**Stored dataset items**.
□ □ □ □
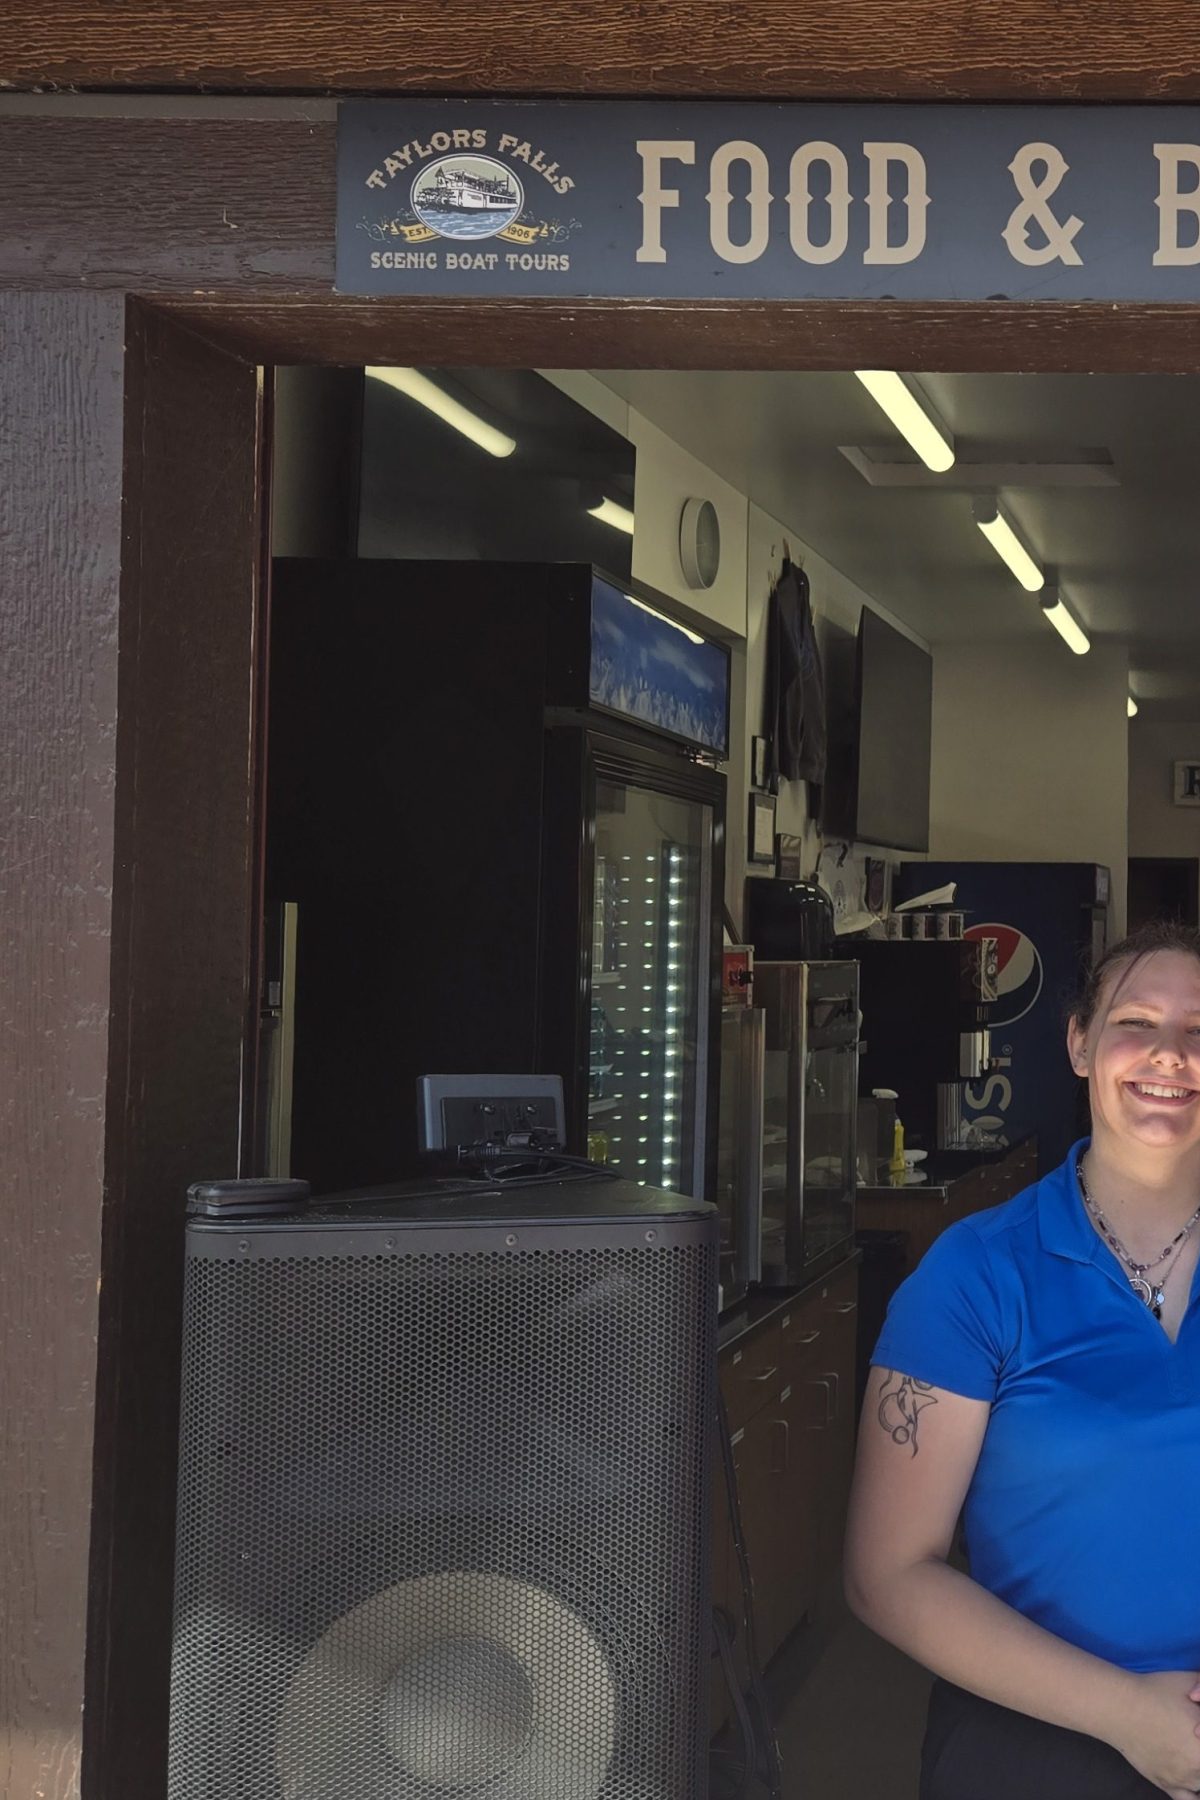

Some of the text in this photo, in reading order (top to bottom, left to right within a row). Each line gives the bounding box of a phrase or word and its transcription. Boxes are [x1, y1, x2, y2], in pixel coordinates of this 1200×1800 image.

[365, 129, 576, 194] TAYLORS FALLS
[635, 139, 933, 266] FOOD
[1001, 141, 1085, 267] &
[408, 226, 431, 237] EST.
[507, 225, 530, 239] 1906
[370, 251, 570, 271] SCENIC BOAT TOURS
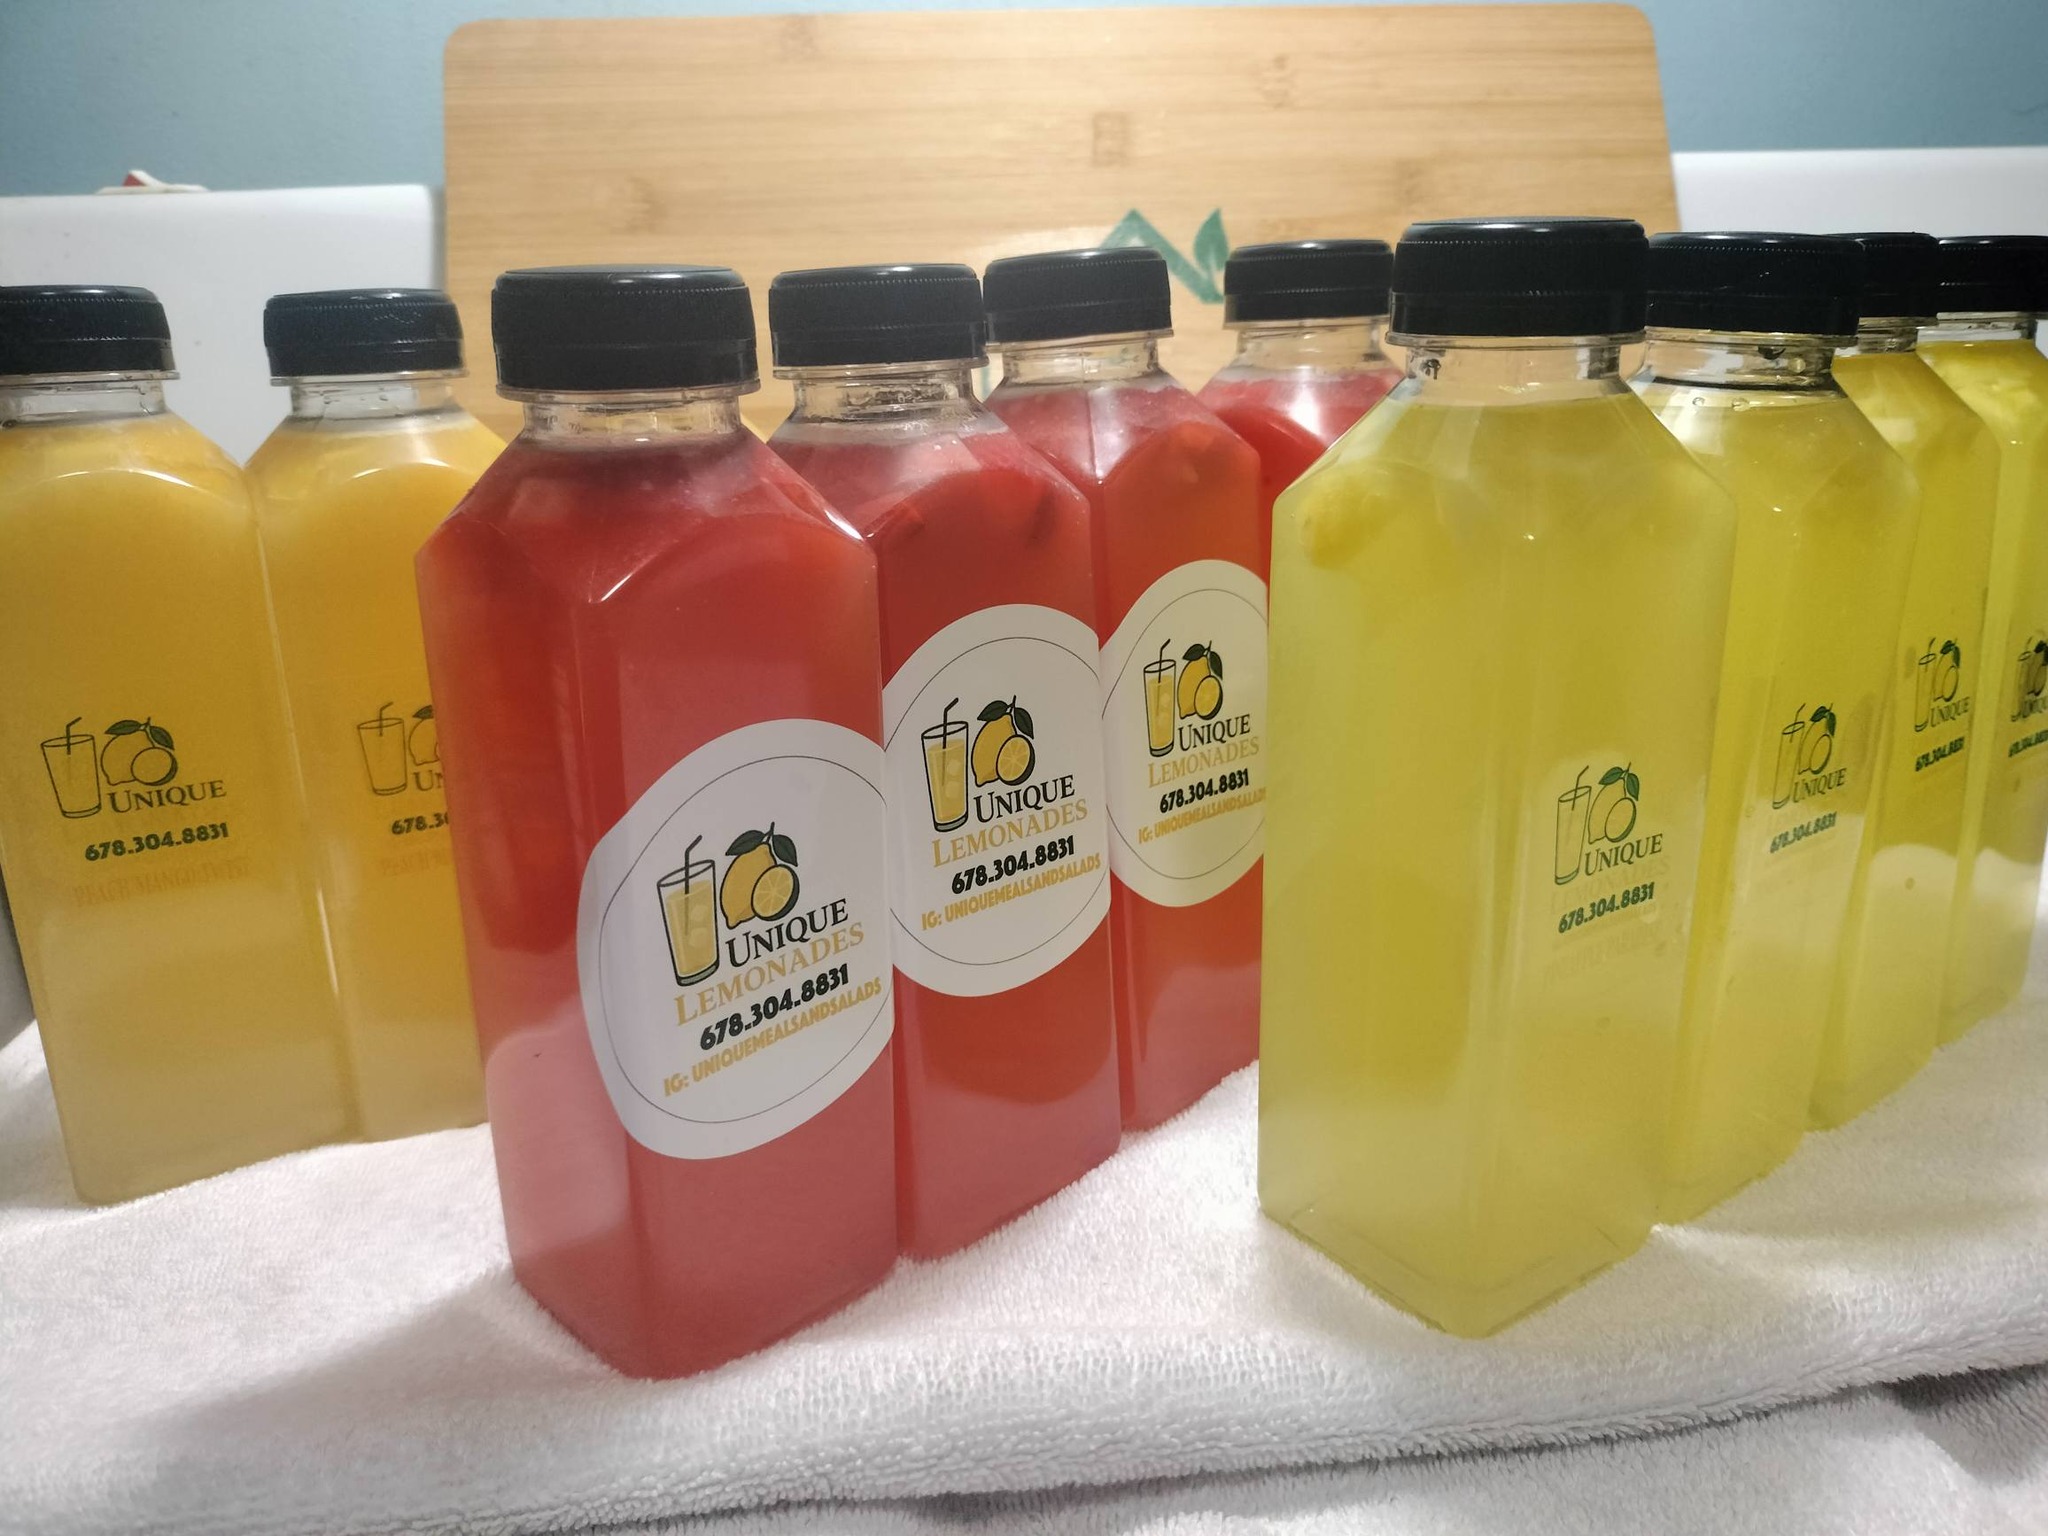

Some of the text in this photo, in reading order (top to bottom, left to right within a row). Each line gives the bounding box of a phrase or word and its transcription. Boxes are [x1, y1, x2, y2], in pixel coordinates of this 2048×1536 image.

[1177, 714, 1251, 752] UNIQUE
[1148, 736, 1260, 788] LEMONADES
[1793, 767, 1847, 803] UNIQUE
[108, 779, 227, 814] UNIQUE
[973, 774, 1076, 823] UNIQUE
[1160, 768, 1249, 814] 678.304.8831
[84, 822, 229, 862] 678.304.8831
[931, 798, 1088, 868] LEMONADES
[1138, 826, 1153, 844] IG:
[1585, 833, 1663, 876] UNIQUE
[951, 835, 1075, 895] 678.304.8831
[921, 853, 1101, 931] IG: UNIQUEMEALSANDSALADS
[1558, 882, 1655, 934] 678.304.8831
[725, 898, 849, 967] UNIQUE
[674, 921, 864, 1027] LEMONADES
[700, 963, 849, 1051] 678.304.8831
[663, 976, 883, 1097] IG: UNIQUEMEALSANDSALADS
□ □ □ □
**TASK REQUIREMENTS**.
Which lines run from the one containing "this 2048×1536 image." to the end of the entries above? Quote exactly those, and only those.

**SOLUTION TO THIS PROBLEM**.
Some of the text in this photo, in reading order (top to bottom, left to right within a row). Each line gives the bounding box of a phrase or word and its transcription. Boxes are [x1, y1, x2, y2], in pixel coordinates of this 2048×1536 image.

[1177, 714, 1251, 752] UNIQUE
[1148, 736, 1260, 788] LEMONADES
[1793, 767, 1847, 803] UNIQUE
[108, 779, 227, 814] UNIQUE
[973, 774, 1076, 823] UNIQUE
[1160, 768, 1249, 814] 678.304.8831
[84, 822, 229, 862] 678.304.8831
[931, 798, 1088, 868] LEMONADES
[1138, 826, 1153, 844] IG:
[1585, 833, 1663, 876] UNIQUE
[951, 835, 1075, 895] 678.304.8831
[921, 853, 1101, 931] IG: UNIQUEMEALSANDSALADS
[1558, 882, 1655, 934] 678.304.8831
[725, 898, 849, 967] UNIQUE
[674, 921, 864, 1027] LEMONADES
[700, 963, 849, 1051] 678.304.8831
[663, 976, 883, 1097] IG: UNIQUEMEALSANDSALADS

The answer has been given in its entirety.